### Exercise directions
For this exercise, reproduce the records exactly as they stand and do not carry any images over.

### Provided data

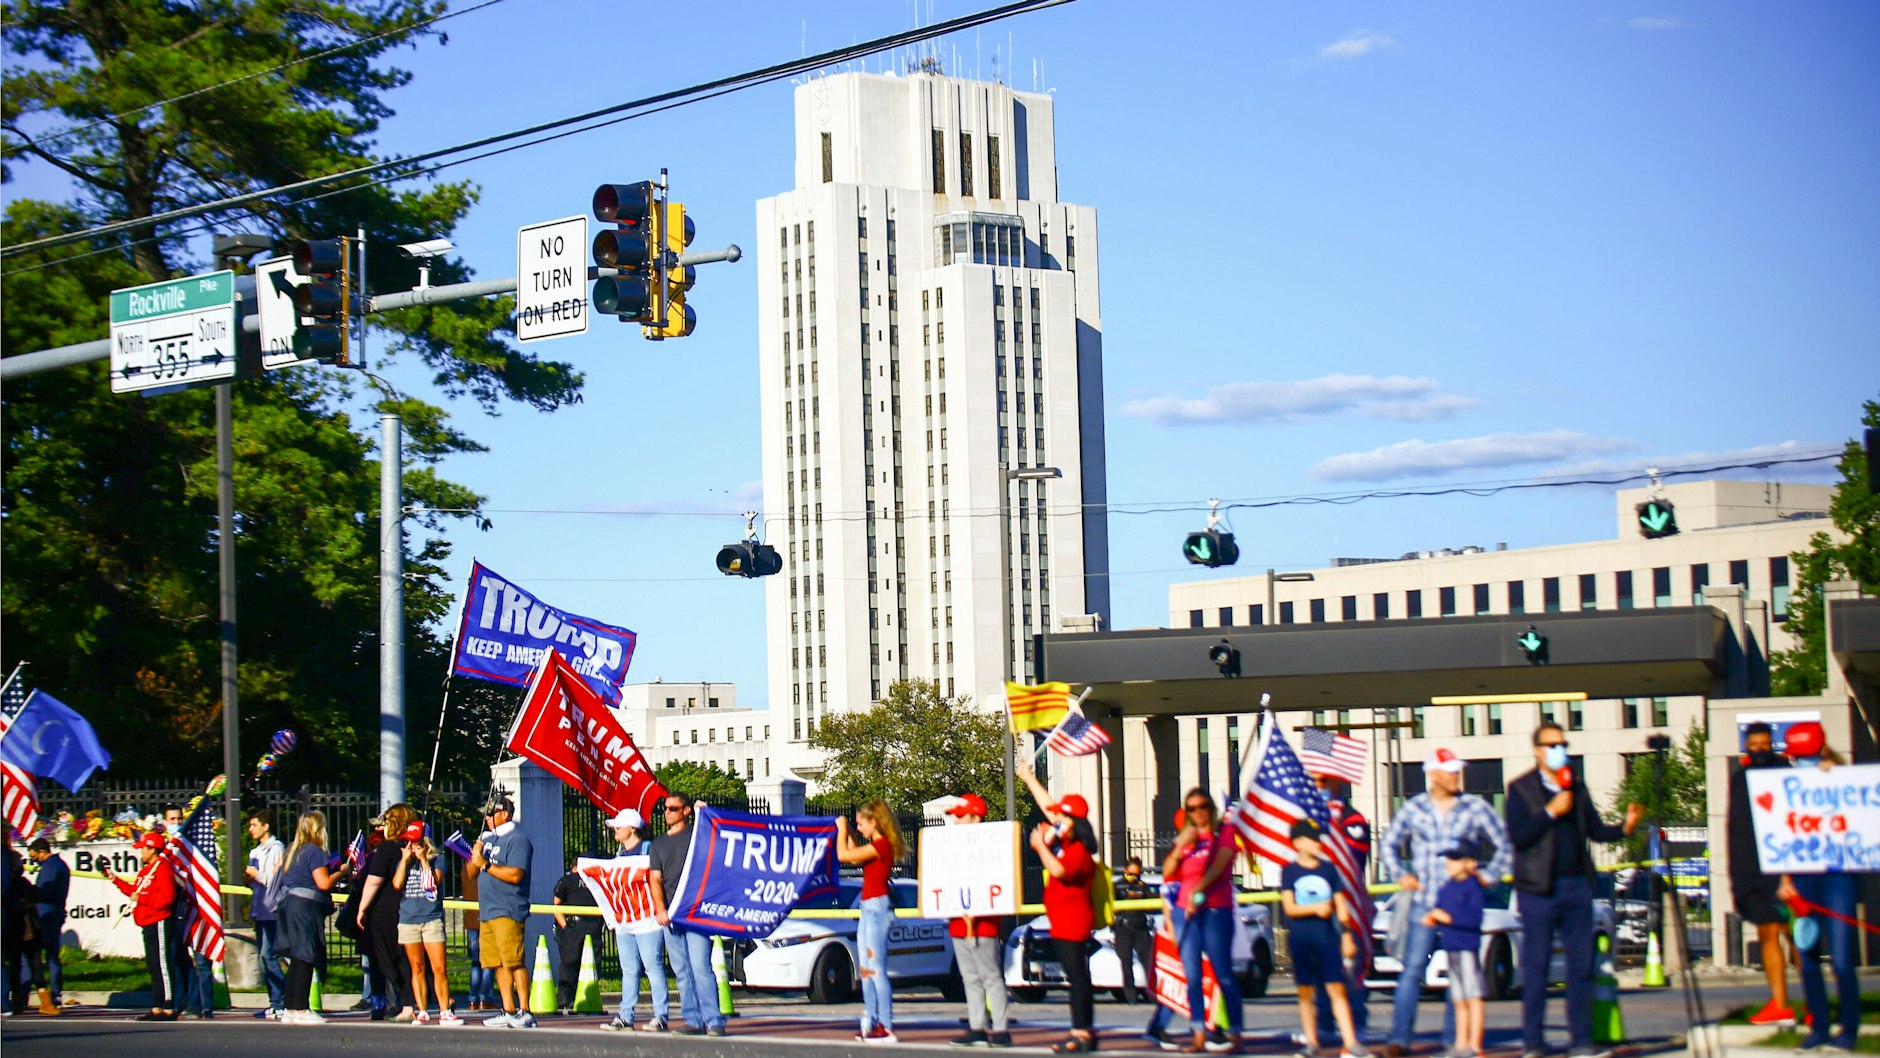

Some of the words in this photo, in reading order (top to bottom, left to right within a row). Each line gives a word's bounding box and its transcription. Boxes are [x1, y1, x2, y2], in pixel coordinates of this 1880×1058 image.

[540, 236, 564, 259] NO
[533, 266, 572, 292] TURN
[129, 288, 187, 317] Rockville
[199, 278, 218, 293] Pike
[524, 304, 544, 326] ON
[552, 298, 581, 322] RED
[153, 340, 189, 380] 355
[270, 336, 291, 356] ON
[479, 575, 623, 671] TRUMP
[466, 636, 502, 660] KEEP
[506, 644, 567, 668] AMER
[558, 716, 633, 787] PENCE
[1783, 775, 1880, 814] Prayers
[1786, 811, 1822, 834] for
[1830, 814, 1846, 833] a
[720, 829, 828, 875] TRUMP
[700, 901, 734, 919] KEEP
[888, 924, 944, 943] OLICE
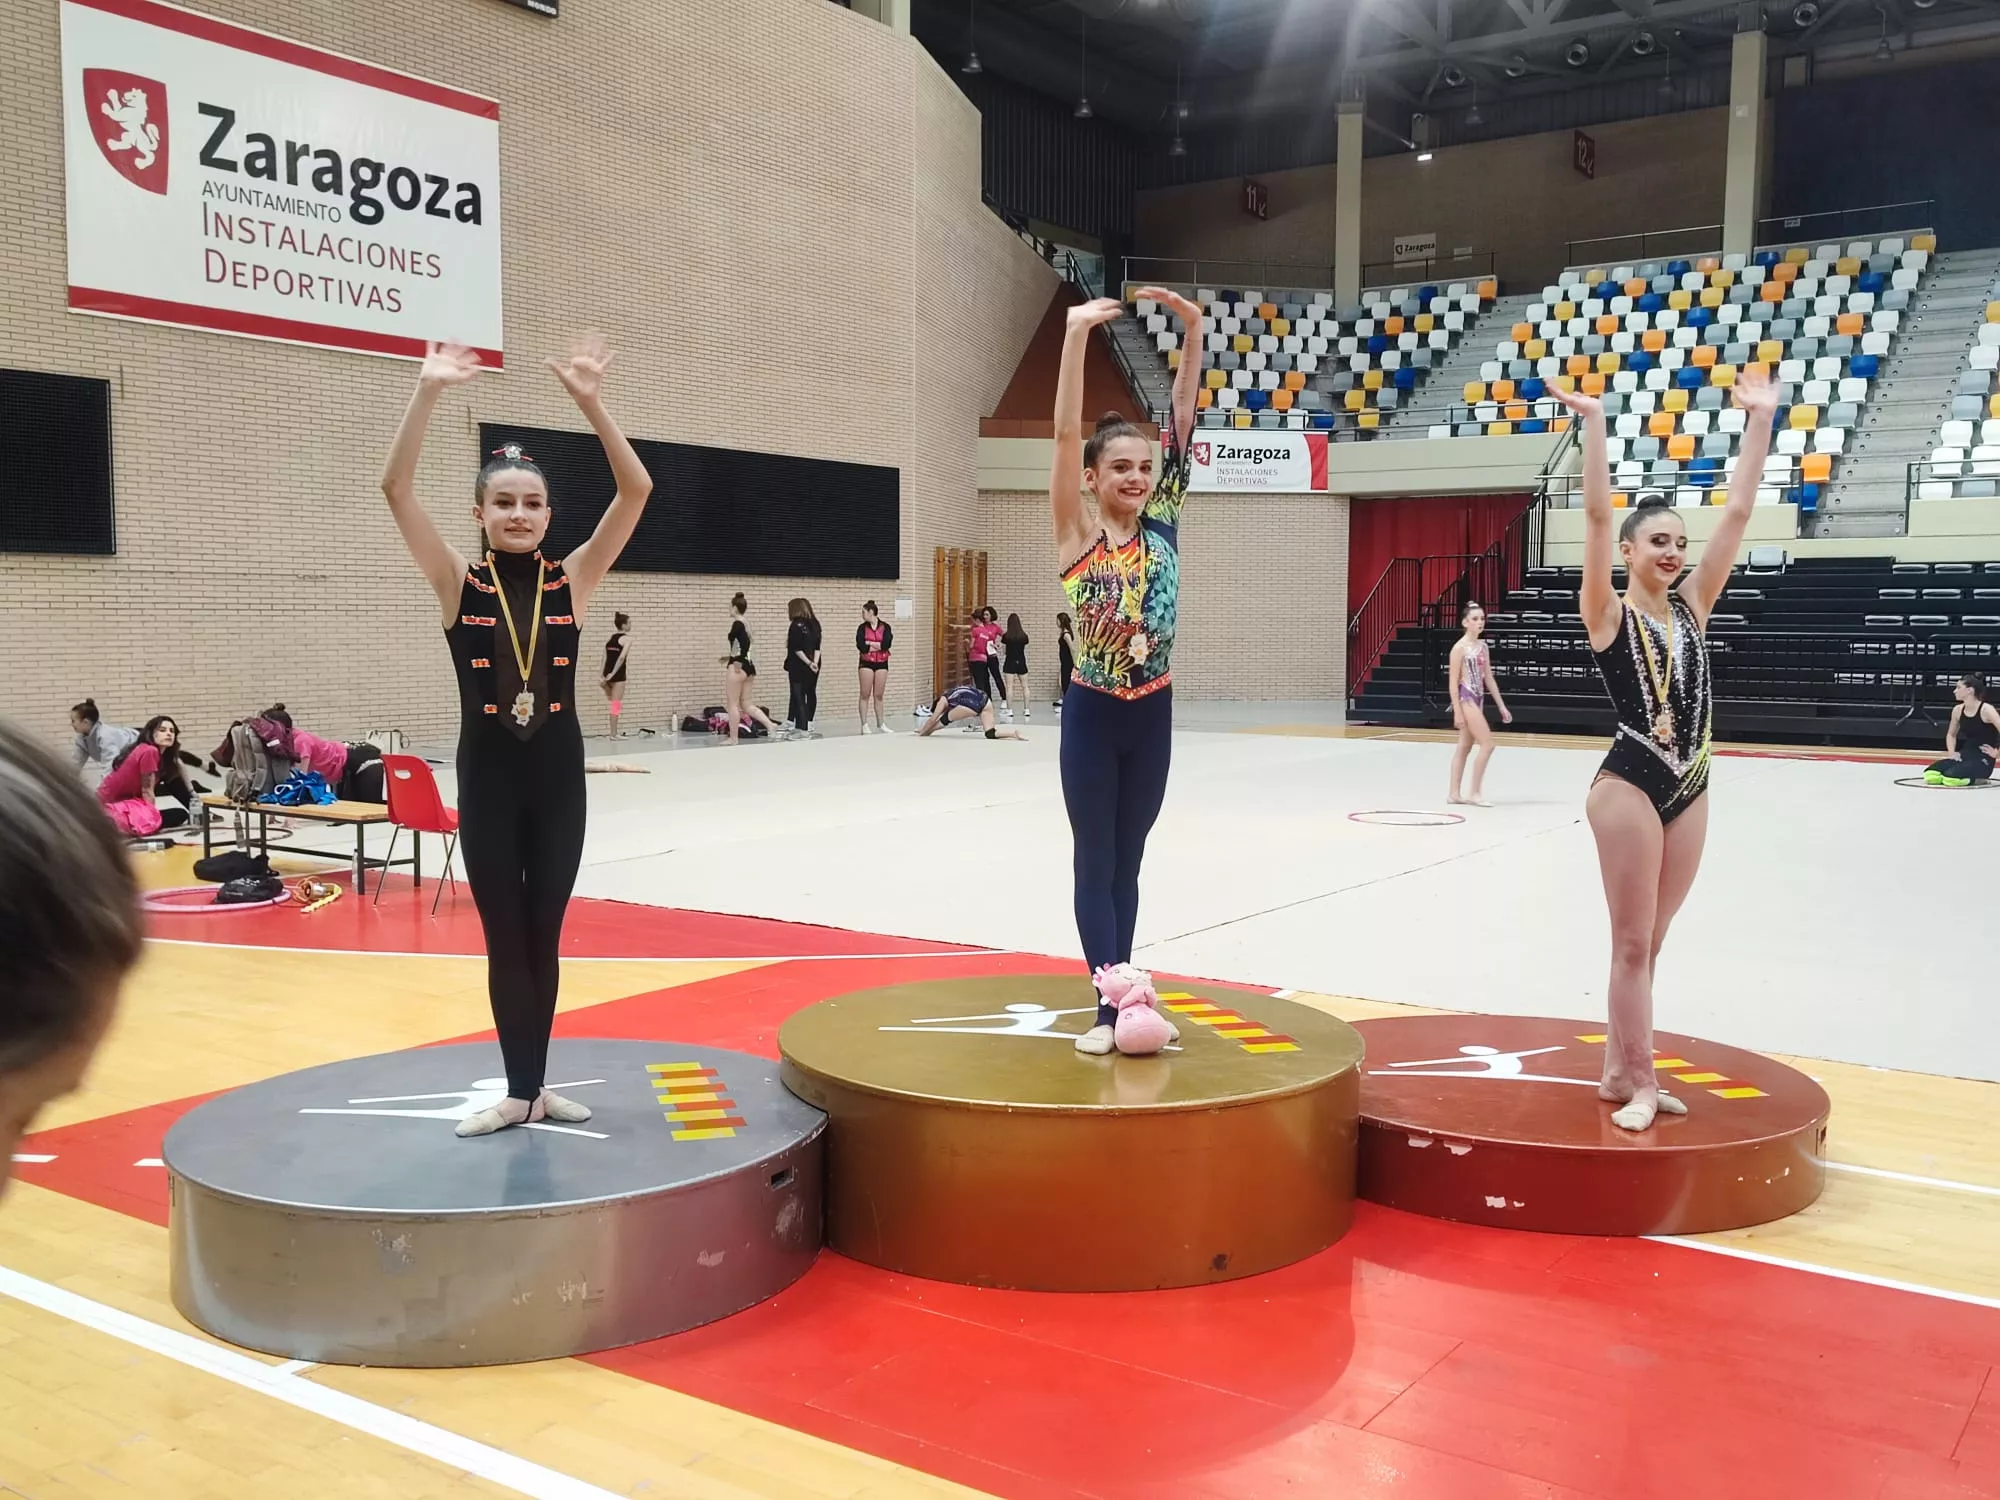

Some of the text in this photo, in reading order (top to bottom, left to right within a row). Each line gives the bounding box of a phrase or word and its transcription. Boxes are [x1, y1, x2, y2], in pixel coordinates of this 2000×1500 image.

### Solution for this problem
Some of the words in this photo, in reading order (top to bottom, left to right within a row). Each line gives a word's bounding box and its transcription. Boxes are [x1, y1, x2, y2], in pixel coordinates of this 1880×1058 image.

[540, 236, 564, 259] NO
[533, 266, 572, 292] TURN
[129, 288, 187, 317] Rockville
[199, 278, 218, 293] Pike
[524, 304, 544, 326] ON
[552, 298, 581, 322] RED
[153, 340, 189, 380] 355
[270, 336, 291, 356] ON
[479, 575, 623, 671] TRUMP
[466, 636, 502, 660] KEEP
[506, 644, 567, 668] AMER
[558, 716, 633, 787] PENCE
[1783, 775, 1880, 814] Prayers
[1786, 811, 1822, 834] for
[1830, 814, 1846, 833] a
[720, 829, 828, 875] TRUMP
[700, 901, 734, 919] KEEP
[888, 924, 944, 943] OLICE

Some of the text in this photo, in reading order (top to bottom, left to right within a row). Each line gives the bounding box of a phrase or word and its transcription. Boxes are [x1, y1, x2, y2], in pixel coordinates of this 2000×1500 image.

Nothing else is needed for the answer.